The European Union’s continued unconditional support for the Egyptian government makes Europe a direct perpetrator in this dystopian reality and undermines Europe’s stated commitment to protecting human rights in its foreign policy. Turning Egypt into a ‘collective detention zone’ for asylum seekers, migrants, and refugees through unaccountable “security” funding violates the principle of non-refoulement and international obligations towards those seeking protection. Accepting the role of gatekeeper at the expense of the rights of forcibly displaced people is incompatible with Egypt’s ratified international obligations, national constitution, and the republic’s historical status as a country of asylum or transit.
The Refugee Platform in Egypt affirms that any transparent and authentic partnership is not built on the provision of hegemonic defence and Western supremacy, but on respect for human dignity and the protection of fundamental rights.
Parties to the partnership must execute the following:
- Linking all forms of cooperation to a strict mechanism for monitoring human rights and respect for the rule of law, which should be transparent and accessible to the public with the participation of independent Egyptian and international civil society organizations, not just official regime channels.
- Freezing all funding and cooperation related to ‘migration governance and border control’ until there exists transparent and independent monitoring, documentation, and verification mechanisms implemented by both parties to ensure compliance with local laws and international legal obligations, as well as making tangible improvements in safeguarding human rights and stabilizing the lives of forcibly displaced people.

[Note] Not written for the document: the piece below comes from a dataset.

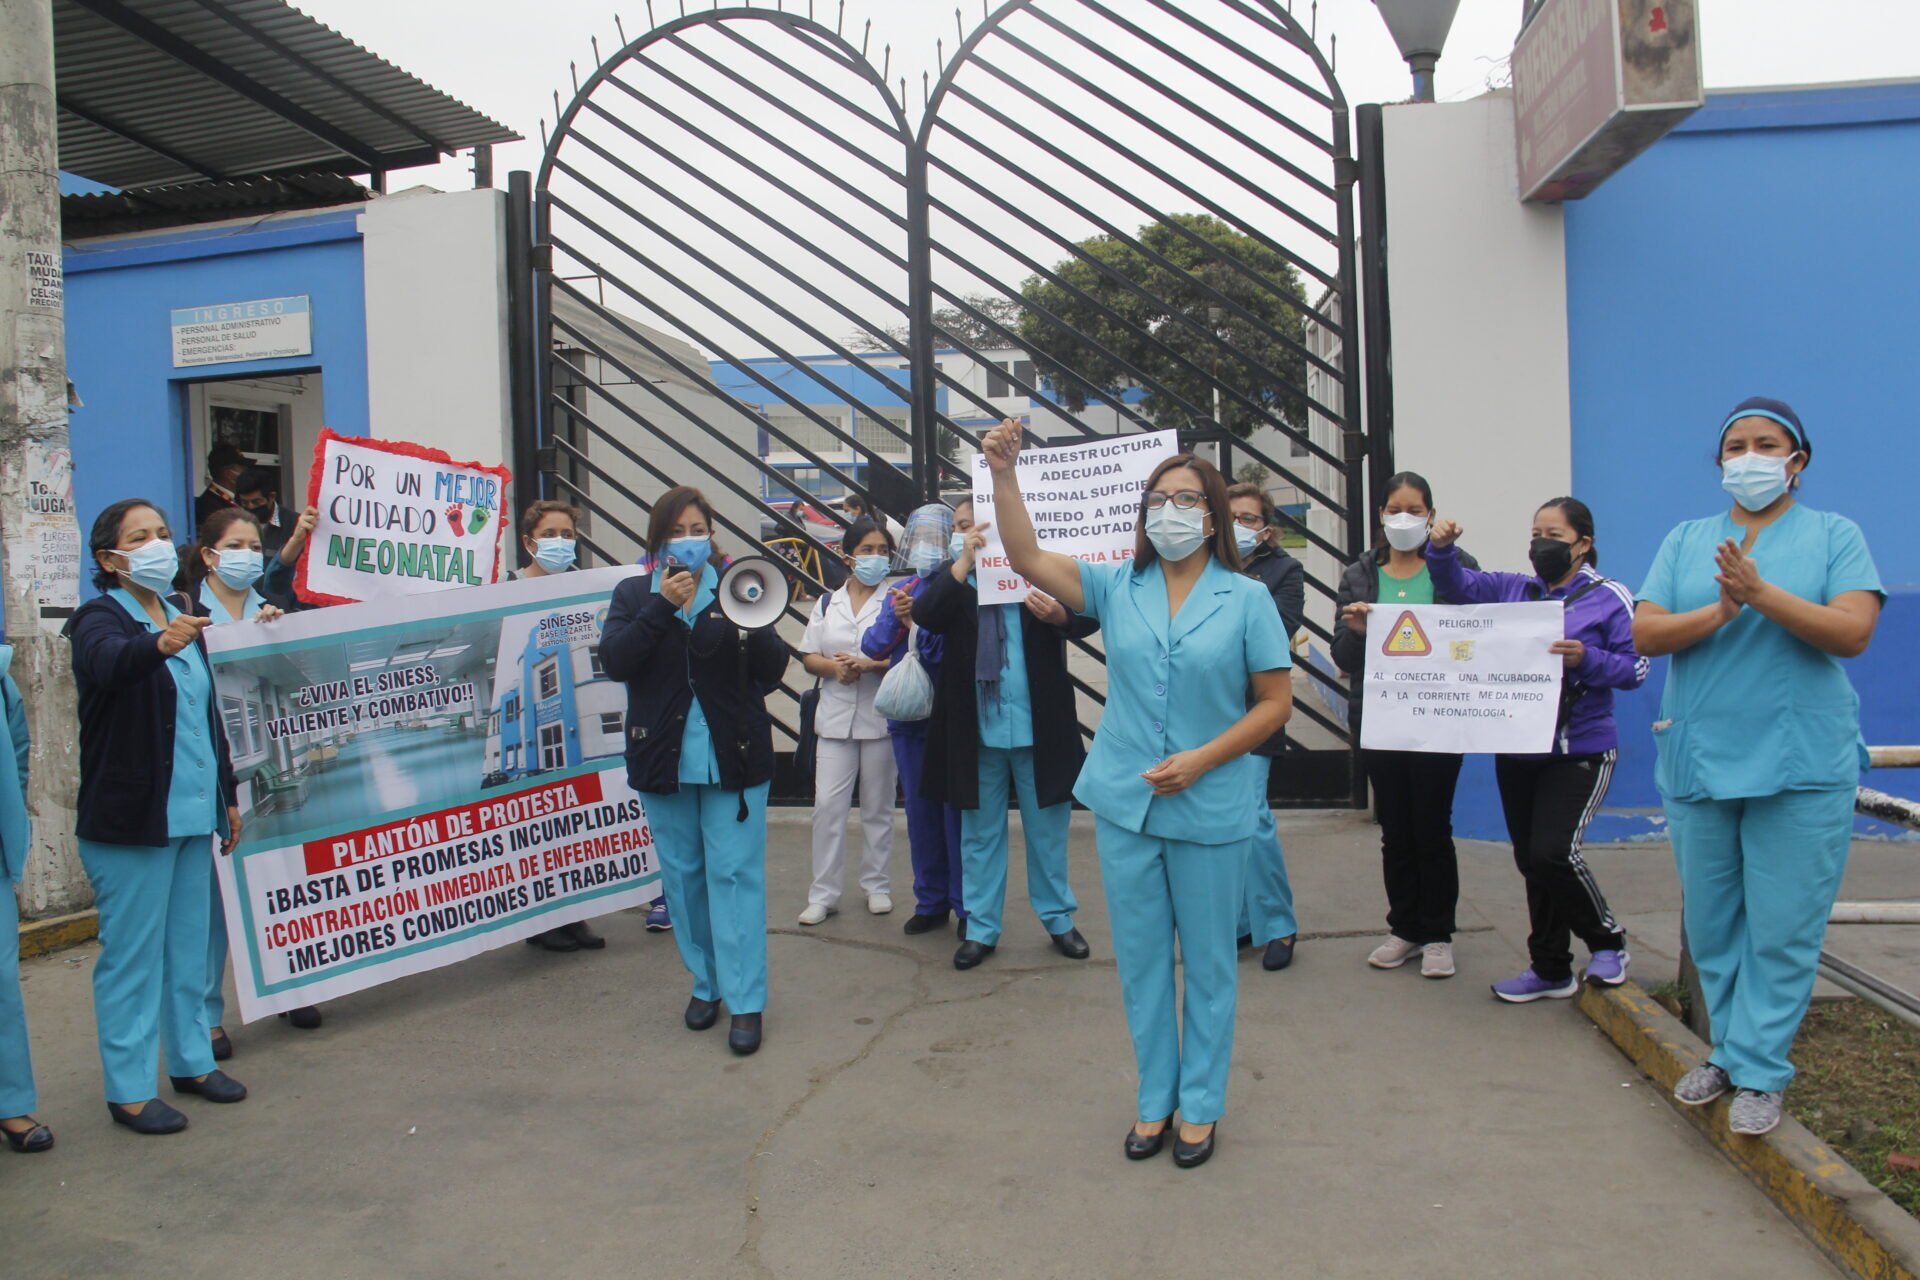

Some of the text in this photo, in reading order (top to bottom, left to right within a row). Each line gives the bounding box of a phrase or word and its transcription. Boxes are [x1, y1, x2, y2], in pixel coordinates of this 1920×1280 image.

- The European Union providing protection to those fleeing all forms of violence and withdrawing Egypt’s designation as a “safe country” for returns until the state provides material, rights-based protection methods and effective remedies to all forcibly displaced people, returnees, and arrivals under an independent monitoring and review mechanism.
- Guaranteeing the intellectual and expressive agency and autonomy of civil society entities, the media, and the press; ceasing the targeting of human rights organizations, human rights defenders, and journalists; and stopping the blocking of websites publishing human rights related content.
- Halting the criminalization of forcibly displaced people residing in Egypt and including immediately terminating all forms of forced deportation of refugees, migrants, and asylum seekers to areas where they are at risk of danger.
- Facilitating the registration and asylum application process including making it available to all forcibly displaced people residing in Egypt without prejudice, and ensuring immediate access to essential services and basic rights.
- Re-evaluating Egyptian laws related to migration and asylum, including the recent asylum law that violates international obligations that were ratified by the republic, including but not limited to Law No. 82 of 2016 on combating illegal migration and its amendments as well as Decree No. 444 on border areas, using the contributions of stakeholders, relevant communities, experts, and civil society organizations.
- Prioritizing support for refugee-led organizations, including protection conditions, legal assistance, and humanitarian services rather than Western-backed, direct government funding or programs that create violations.
- Expanding evacuation, resettlement, and humanitarian visa pathways to ensure secure and formal options for those at risk of detention, deportation, oppression, or violence.
Stability is not achieved through repression administered through Western-sponsored, external funding, but through the rule of law, justice, and freedom.